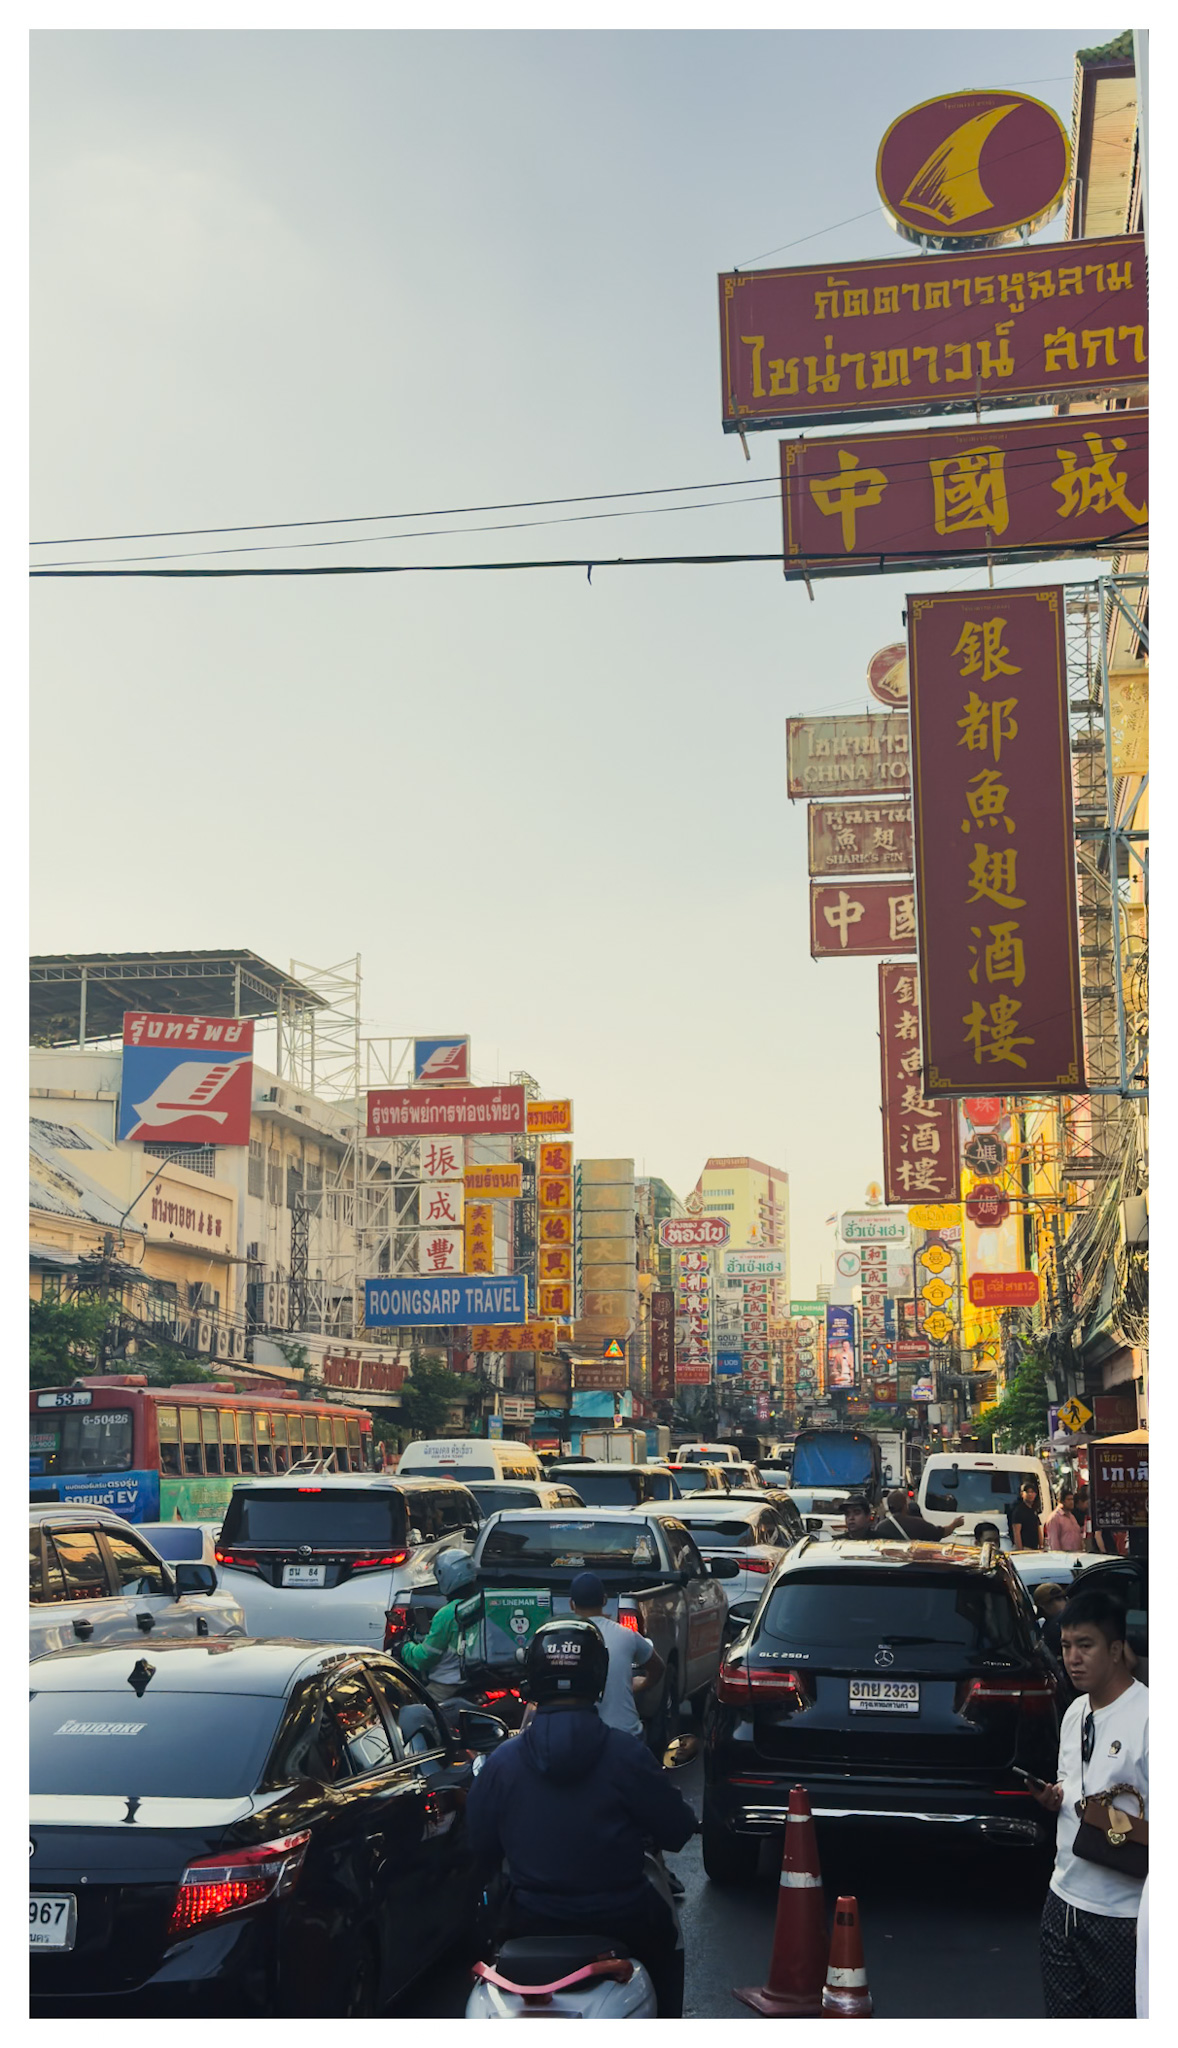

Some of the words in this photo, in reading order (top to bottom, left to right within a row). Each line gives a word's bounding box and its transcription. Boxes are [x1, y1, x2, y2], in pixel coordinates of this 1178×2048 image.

[741, 319, 1015, 398] ไชน่าทาวน์
[809, 432, 1148, 552] 中國城
[803, 764, 871, 783] CHINA
[877, 762, 911, 780] TO
[950, 616, 1034, 1069] 銀都魚翅酒樓
[826, 852, 879, 865] SHARK'S
[883, 852, 904, 863] FIN
[130, 1016, 248, 1045] รุ่งทรัพย์
[372, 1089, 520, 1134] รุ่งทรัพย์การท่องเที่ยว
[424, 1144, 459, 1272] 振成豐
[667, 1221, 724, 1243] ทองใบ
[370, 1289, 461, 1315] ROONGSARP
[465, 1287, 520, 1312] TRAVEL
[55, 1394, 75, 1406] 53
[82, 1414, 128, 1425] 6-50426
[117, 1490, 139, 1504] EV
[308, 1568, 318, 1576] 84
[502, 1599, 535, 1607] LINEMAN
[781, 1651, 810, 1659] 250d
[852, 1682, 880, 1698] 3กย
[883, 1683, 917, 1699] 2323
[29, 1902, 66, 1925] 967

> _What you have to do_
Without the pictures, reproduce every line of the records above exactly.

> _Solution_
Some of the words in this photo, in reading order (top to bottom, left to right within a row). Each line gives a word's bounding box and its transcription. Boxes are [x1, y1, x2, y2], in pixel coordinates of this 1178×2048 image.

[741, 319, 1015, 398] ไชน่าทาวน์
[809, 432, 1148, 552] 中國城
[803, 764, 871, 783] CHINA
[877, 762, 911, 780] TO
[950, 616, 1034, 1069] 銀都魚翅酒樓
[826, 852, 879, 865] SHARK'S
[883, 852, 904, 863] FIN
[130, 1016, 248, 1045] รุ่งทรัพย์
[372, 1089, 520, 1134] รุ่งทรัพย์การท่องเที่ยว
[424, 1144, 459, 1272] 振成豐
[667, 1221, 724, 1243] ทองใบ
[370, 1289, 461, 1315] ROONGSARP
[465, 1287, 520, 1312] TRAVEL
[55, 1394, 75, 1406] 53
[82, 1414, 128, 1425] 6-50426
[117, 1490, 139, 1504] EV
[308, 1568, 318, 1576] 84
[502, 1599, 535, 1607] LINEMAN
[781, 1651, 810, 1659] 250d
[852, 1682, 880, 1698] 3กย
[883, 1683, 917, 1699] 2323
[29, 1902, 66, 1925] 967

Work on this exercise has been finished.